Error *APPLE*0000001000F*1* on Mac IIcx

[spirografo]

Does anyone know how to interpret the error *APPLE*0000001000F*1*?
The IIcx provides it via serial.
The machine is stuck at gray screen with no mouse pointer.
With the original roms I have the good chime and immediately after the bad chime.
with the rominator I only have the good chime but it always stays stuck at the same point
I tried changing the adb chip but nothing changed.
Already tried changing CPU and different memory modules.

 

[dougg3]

This seems like it could be an interesting puzzle to solve. The leaked SuperMario ROM sources give a lot of info about these codes. Can you double-check that you have provided all of the characters? I think between the *APPLE* and the *1* there should be 12 hex digits, and you only have 11.

Diagnostic Mode - mac68k - Confluence

web.archive.org

My understanding is the last 4 characters are the error code, and the first 8 characters are further info about that error. If indeed the last 4 characters are 000F, we might have a bit of a problem because that particular code isn't defined in any of the info I'm aware of. I wonder if back in the days of the IIcx and SE/30's tests it actually had a meaning?

 

[spirografo]

Hi. Yes, sorry. The code is missing a zero. *APPLE*00000001000F*1*
According to the documentation the error is 000F. As you say, i could not find it anywhere.
I am not able to understand at what point the iicx stops. The first step is scc and is obviously ok. Than Via chip and startup chime. So the Via is ok and audio too.
I see grey screen and no sad mac. Therefore the roms and rams should be healthy. But with original rom i had a bad chime (after good chime) and with rominator no bad chime. Rominator doesn't test RAM and so this could be the problem because the original ROMs do. But if there was an error on the rams I should have a black screen or the sad mac with the error code and via serial I should have a specific code for the rams.
Furthermore, if I remove one of the 4 modules I only get bad chime and black screen both with the original roms and with the rominator.
If the swim was broken I would get a specific error.
last step before checking the scsi and booting is the adb that I replaced.
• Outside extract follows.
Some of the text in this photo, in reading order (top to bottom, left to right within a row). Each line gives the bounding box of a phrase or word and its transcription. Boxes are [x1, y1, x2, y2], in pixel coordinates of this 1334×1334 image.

Immediately after the initialization of the adb the mouse should appear which does not appear. So even if the scsi was broken, I should still see the mouse.
I recapped the board and i checked many times all the traces near the capacitors.

 

[cheesestraws]

If indeed the last 4 characters are 000F, we might have a bit of a problem because that particular code isn't defined in any of the info I'm aware of

Pretty sure $000F was used as the 'wrapper' for pre-SE compatible errors, which remained in use for CPU exceptions in early boot. If, for example, on an SE/30, you administer an NMI at the flashing disk screen, you should get a sad mac with $000F / $0000000D, which is "NMI".
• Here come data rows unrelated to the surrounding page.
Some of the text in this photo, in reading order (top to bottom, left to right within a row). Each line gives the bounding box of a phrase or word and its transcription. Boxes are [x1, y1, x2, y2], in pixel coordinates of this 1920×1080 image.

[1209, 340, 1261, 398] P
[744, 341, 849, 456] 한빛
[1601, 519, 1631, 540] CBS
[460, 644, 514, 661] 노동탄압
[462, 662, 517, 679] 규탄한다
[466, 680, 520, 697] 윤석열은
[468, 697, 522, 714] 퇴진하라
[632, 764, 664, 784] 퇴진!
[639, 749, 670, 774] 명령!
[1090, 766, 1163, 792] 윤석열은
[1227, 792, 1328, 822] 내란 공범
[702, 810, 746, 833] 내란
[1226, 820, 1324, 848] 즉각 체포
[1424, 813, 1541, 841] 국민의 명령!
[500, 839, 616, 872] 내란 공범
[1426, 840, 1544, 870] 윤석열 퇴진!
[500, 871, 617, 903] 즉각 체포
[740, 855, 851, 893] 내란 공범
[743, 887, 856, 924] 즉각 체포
Hi. Yes, sorry. The code is missing a zero. *APPLE*00000001000F*1*

Given that the format here (16 bits of error and 32 bits of detail) is the same format as these error codes, I suspect they're the same. In *those* codes, $000F $00000001 would be a bus error in early boot. Not that that's *particularly* helpful - you'll perhaps need to dig around with the interactive bits of the diagnostic mode to work out what's happened here.

I should add: this lines up with what you were saying about getting the grey stippled screen: this is happening after POST and isn't being raised by the self-test- instead, it's being raised by the default CPU exception handler. As you correctly note, if the memory test failed (or anything else the Test Manager was doing at the start of boot) you'd have a black screen, not a halftoned one.

 

[dougg3]

Pretty sure $000F was used as the 'wrapper' for pre-SE compatible errors, which remained in use for CPU exceptions in early boot. If, for example, on an SE/30, you administer an NMI at the flashing disk screen, you should get a sad mac with $000F / $0000000D, which is "NMI".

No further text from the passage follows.